- **Listed entries**:
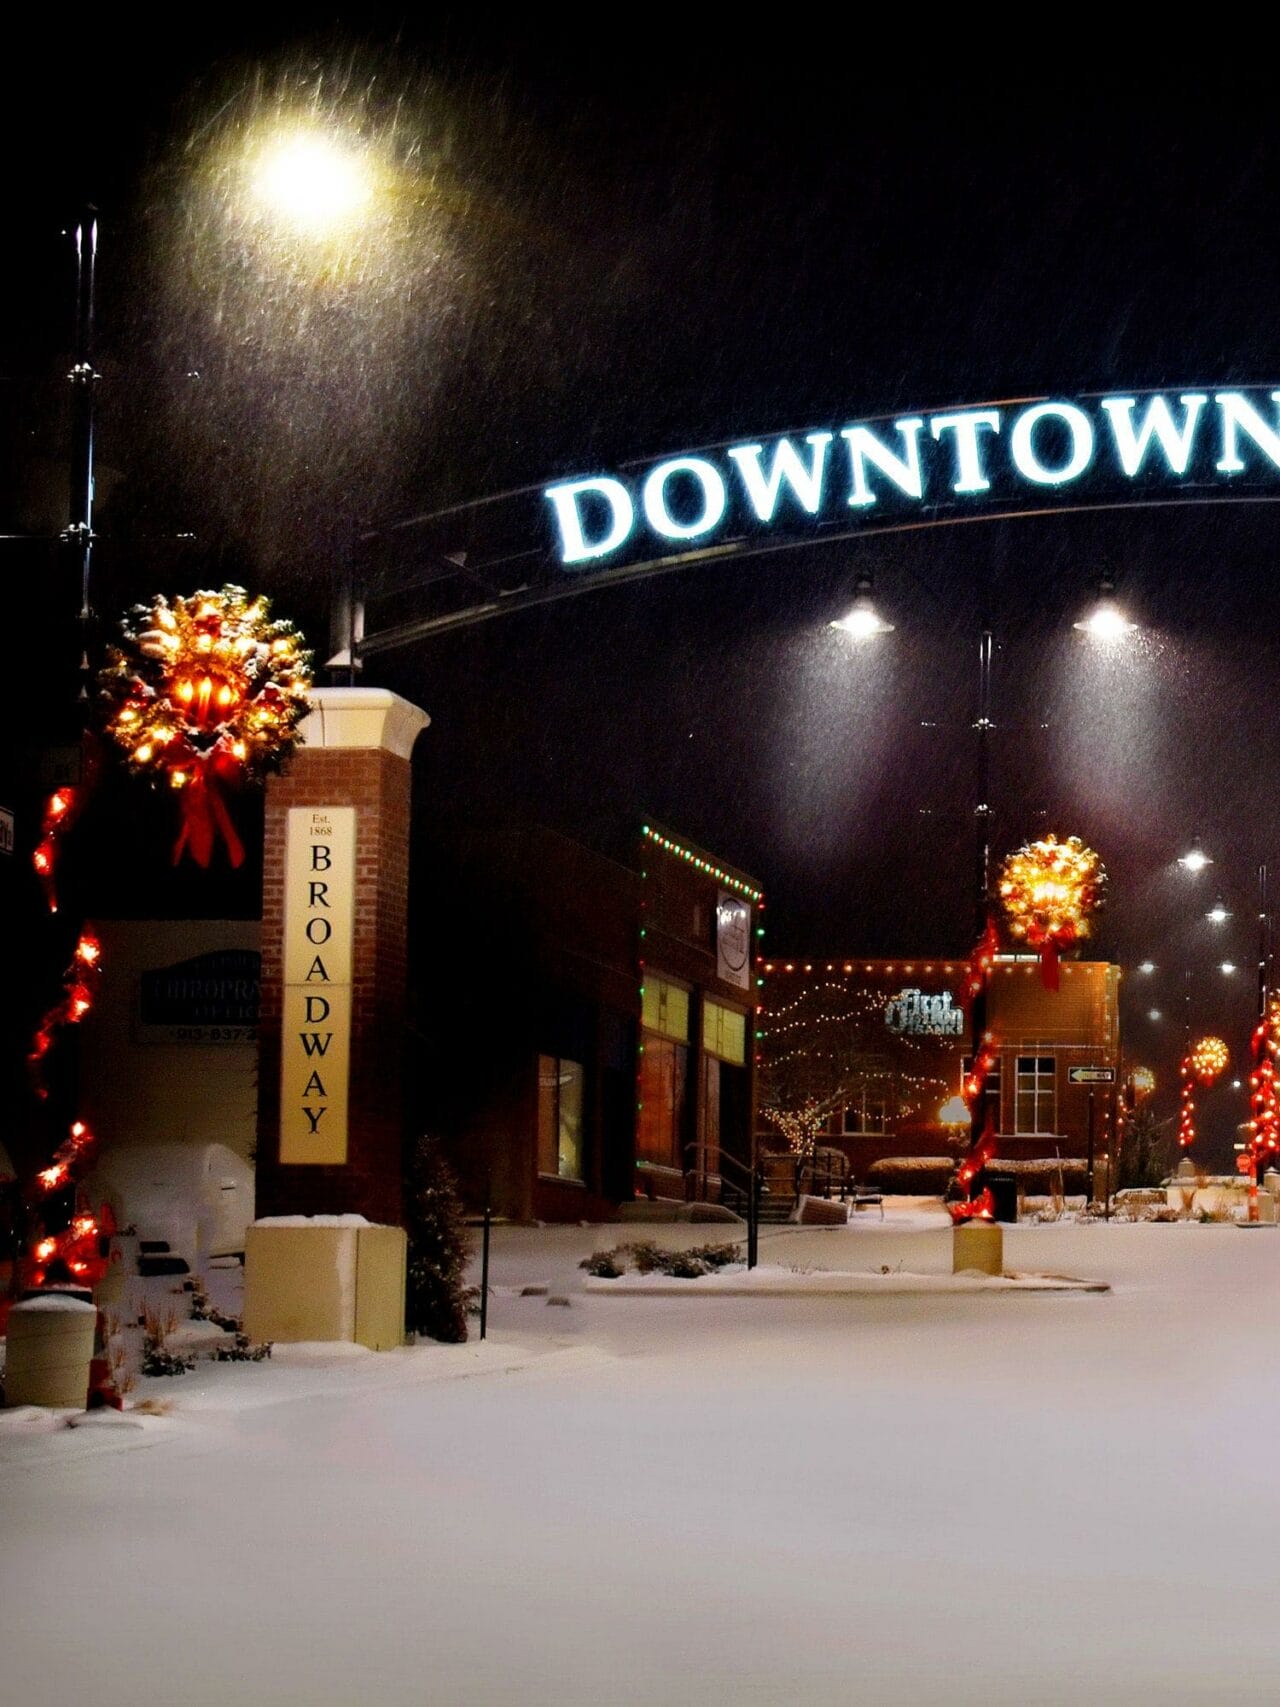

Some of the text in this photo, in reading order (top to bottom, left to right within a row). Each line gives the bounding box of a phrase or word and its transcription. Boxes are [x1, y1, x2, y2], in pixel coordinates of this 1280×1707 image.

[312, 813, 331, 824] Est.
[309, 826, 333, 836] 1868
[299, 845, 334, 1134] BROADWAY
[901, 988, 953, 1013] First

- **Task**:
Repeat each entry above word for word, leaving every picture out.

- **Result of this task**:
Some of the text in this photo, in reading order (top to bottom, left to right within a row). Each line gives the bounding box of a phrase or word and its transcription. Boxes are [x1, y1, x2, y2], in pixel coordinates of this 1280×1707 image.

[312, 813, 331, 824] Est.
[309, 826, 333, 836] 1868
[299, 845, 334, 1134] BROADWAY
[901, 988, 953, 1013] First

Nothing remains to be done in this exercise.